В чем причина подобного ожесточения против интеллекта со стороны Пруста, который углублял его на каждом шагу? То был стратегический маневр, попытка необратимо демонтировать, расчленить общепринятую духовность, сложившуюся во времена Сент-Бёва и Тэна. Оба были выдающиеся, но при этом разрушительные умы, ибо сводили духовную сферу к «своего рода литературной ботанике»{927}
. Замысел Пруста — провидца стиля — состоял прежде всего в том, чтобы сбросить с пьедестала бесплодное величие интеллекта. Излагая свою точку зрения, он не преминул воспользоваться неверным шагом Анатоля Франса, который в качестве примера совершенной французской прозы приводил «Письмо автору мнимых ересей и духовидцев» Расина. «Попробуйте найти что-либо столь же убогое, бедное, бездуховное, — отмечал Пруст, прежде чем нанести сокрушительный удар: — Немудрено, что форма, содержащая так мало мысли, столь грациозна и легка»{928}. Будь Расин и впрямь так ничтожен, о нем бы давно забыли.

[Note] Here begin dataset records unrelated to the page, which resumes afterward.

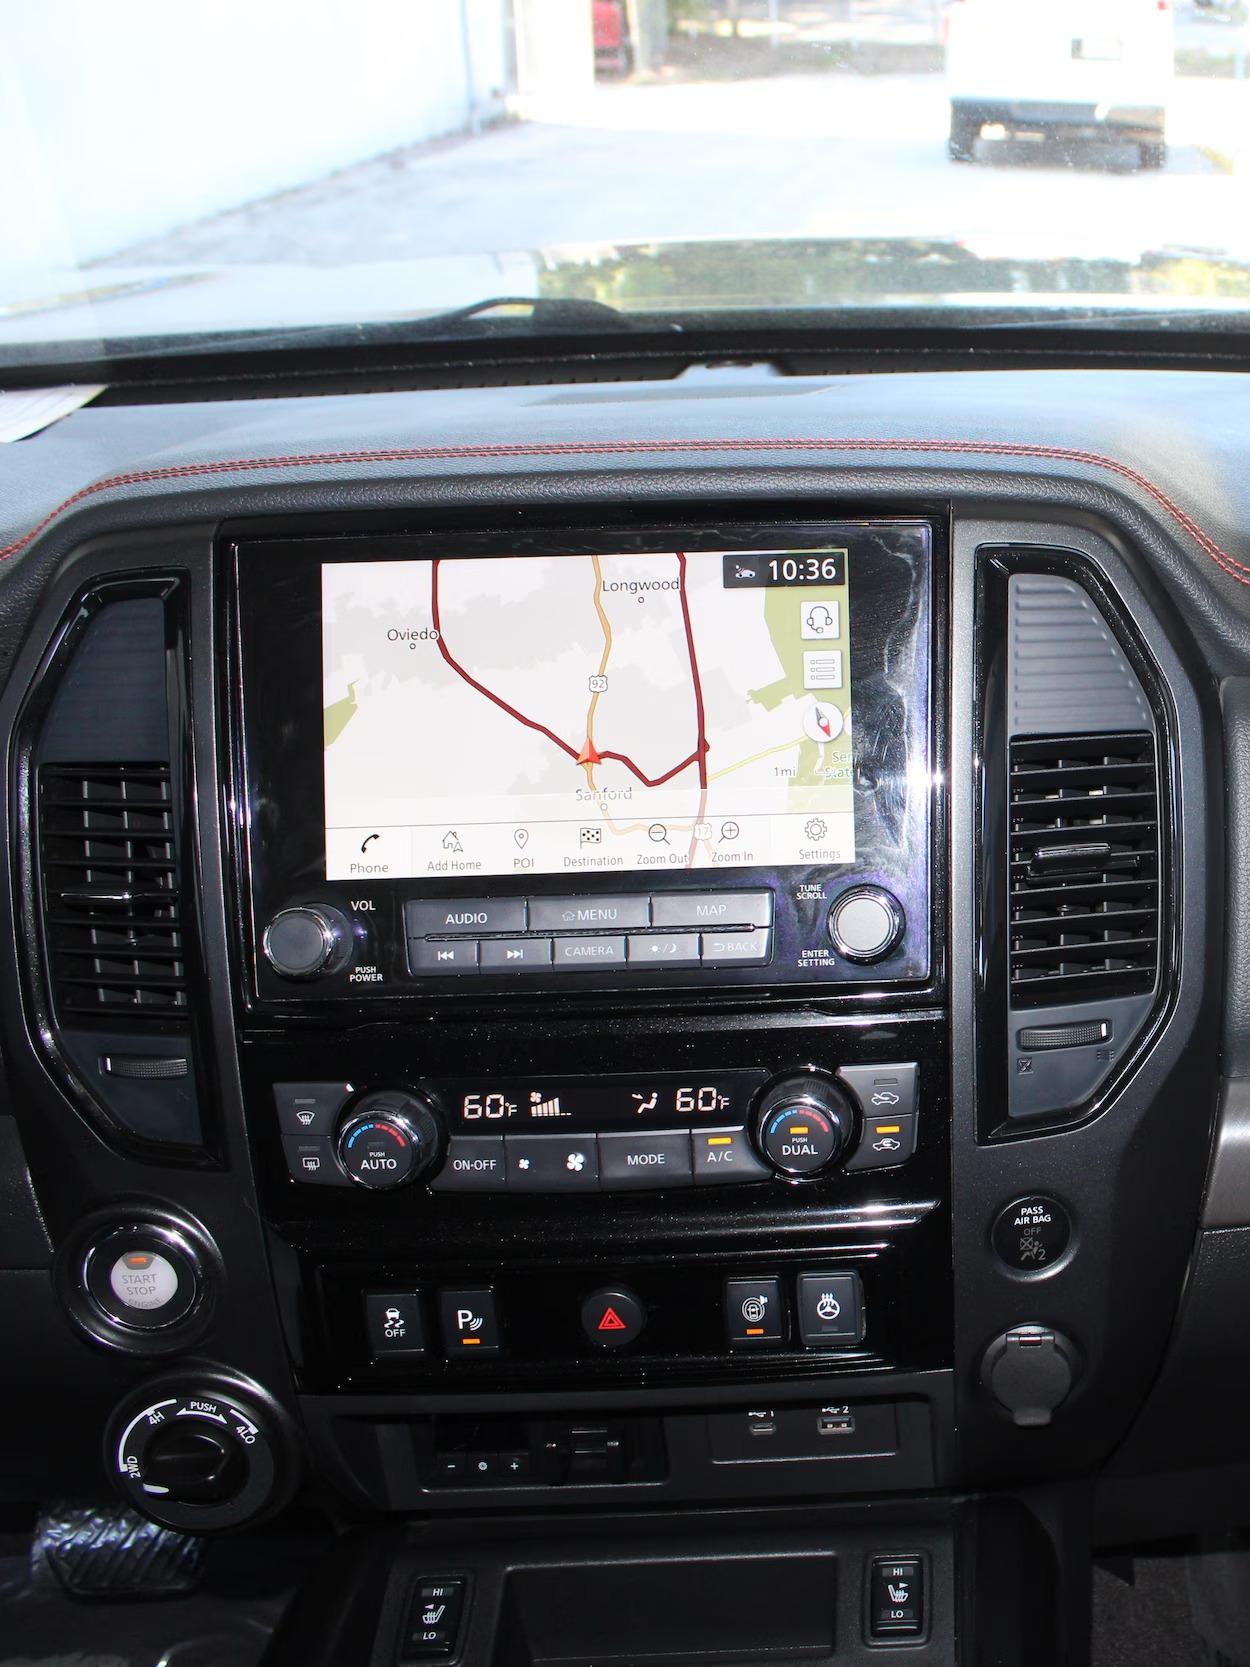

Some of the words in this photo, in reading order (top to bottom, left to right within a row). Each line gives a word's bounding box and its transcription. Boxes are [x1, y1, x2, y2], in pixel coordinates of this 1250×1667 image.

[768, 558, 837, 581] 10:36
[602, 577, 680, 595] Longwood
[387, 627, 438, 641] Oviedo
[591, 679, 605, 689] 92
[773, 766, 796, 777] 1mi
[575, 786, 632, 802] Sanford
[636, 853, 666, 866] Zoom
[669, 852, 688, 864] Out
[711, 851, 740, 863] Zoom
[743, 850, 753, 862] In
[798, 847, 841, 861] Settings
[427, 860, 449, 872] Add
[451, 859, 482, 871] Home
[513, 858, 534, 869] POI
[563, 855, 624, 868] Destination
[350, 863, 389, 874] Phone
[799, 883, 822, 893] TUNE
[796, 891, 827, 900] SCROLL
[350, 900, 376, 912] VOL
[696, 904, 727, 917] MAP
[445, 912, 488, 925] AUDIO
[577, 909, 618, 921] MENU
[564, 945, 614, 957] CAMERA
[727, 941, 758, 952] BACK
[801, 949, 829, 958] ENTER
[797, 957, 835, 967] SETTING
[355, 966, 377, 975] PUSH
[349, 973, 384, 983] POWER
[791, 1136, 808, 1144] PUSH
[369, 1150, 386, 1158] PUSH
[782, 1144, 819, 1156] DUAL
[627, 1153, 665, 1166] MODE
[706, 1150, 733, 1163] A/C
[360, 1158, 397, 1170] AUTO
[1021, 1206, 1044, 1215] PASS
[1014, 1217, 1030, 1225] AIR
[1032, 1214, 1051, 1224] BAG
[1023, 1227, 1041, 1236] OFF
[121, 1273, 157, 1285] START
[126, 1285, 156, 1296] STOP
[384, 1328, 406, 1338] OFF
[190, 1401, 217, 1413] PUSH
[842, 1405, 850, 1414] 2
[149, 1411, 166, 1425] 4H
[235, 1425, 256, 1445] 4LO
[126, 1455, 142, 1479] 2WD
[893, 1568, 903, 1576] HI
[433, 1588, 443, 1596] HI
[891, 1610, 904, 1618] LO
[423, 1632, 436, 1640] LO

По счастью, в нем было нечто большее: «Истерия гения у Расина стонала в тисках высшего ума, потому в его трагедиях с неповторимым совершенством отображены приливы, отливы и вездесущая, но всякий раз исчерпанная до дна корабельная качка страсти»{929}. Это памятное определение полностью применимо и к самому Прусту. «Корабельная качка»{930}, пожалуй, в большей степени относится к его прозе, чем к стихам Расина, с той лишь оговоркой, что у Пруста речь идет не только о страсти, но и о бесформенном облаке незнания, коему следовало бы вернуть «корону верховной власти»{931}. Причем возложить ее мог именно интеллект. Метафизическая сhassé-croisé[177] — вот к чему сводилось предложение Пруста.Схожим образом в древности ведические ясновидцы сформулировали в образах теорию превосходства manas
над vāc, разума над речью. Теперь же, когда круг времен почти замкнулся, то, что было абсолютным знанием, превратилось в абсолютное незнание, и оно порой, по воле «случая»{932}, опрокидывало «сотрясаемые перегородки памяти»{933}, чтобы вернуть нам нечто из «чистой жизни, в чистоте сохраненной»{934}. Ничего больше не следует ждать от литературы. Равно как и от мысли, которую, согласно Прусту, литература полностью впитала. Объятый бешеным нетерпением, он набросал несколько заметок о «Жан-Кристофе» Ромена Роллана, пребывавшего относительно этого в гордом неведении, и в стенограмме пояснил, чтó понимает под глаголом «мыслить»: «В сущности, вся моя философия, как и любая истинная философия, заключается в том, чтобы оправдать и восстановить ее сущность»{935}. Такое «оправдание» — сознавал это Пруст или нет и задумывался ли об этом — было созвучно «эстетическому оправданию мира»{936}, о чем писал Ницше. Следовательно, Пруст имел в виду не экстренную деградацию интеллекта, а переориентацию сил, которые правят нами, но их часто недооценивают («истерия гения»{937}, владевшая Расином, была не чем иным, как одержимостью, ныне сведенной до уровня психопатологии) либо переоценивают (разум как гарант сдерживающего начала). И лишь в перипетиях «Беглянки» эта мысль будет изложена в развернутом виде и, не в пример книге «Против Сент-Бёва», избавлена от полемических натяжек: «Но… факт, что интеллект — инструмент не самый тонкий, не самый мощный, не самый подходящий для постижения истины, свидетельствует лишь в пользу того, что начинать надо именно с него, а не с тайн подсознания, и не с изначальной веры в предчувствия. Именно жизнь мало-помалу, от случая к случаю убеждает нас в том, что самое важное для сердца и ума мы постигаем не разумом, а при помощи других сил. И тогда интеллект, сознавая их превосходство, по зрелом размышлении, переходит на их сторону и соглашается стать их союзником и слугой. Это и есть опыт веры»{938}. Единственно истинной веры в понимании Пруста; и эти строки — тому подтверждение.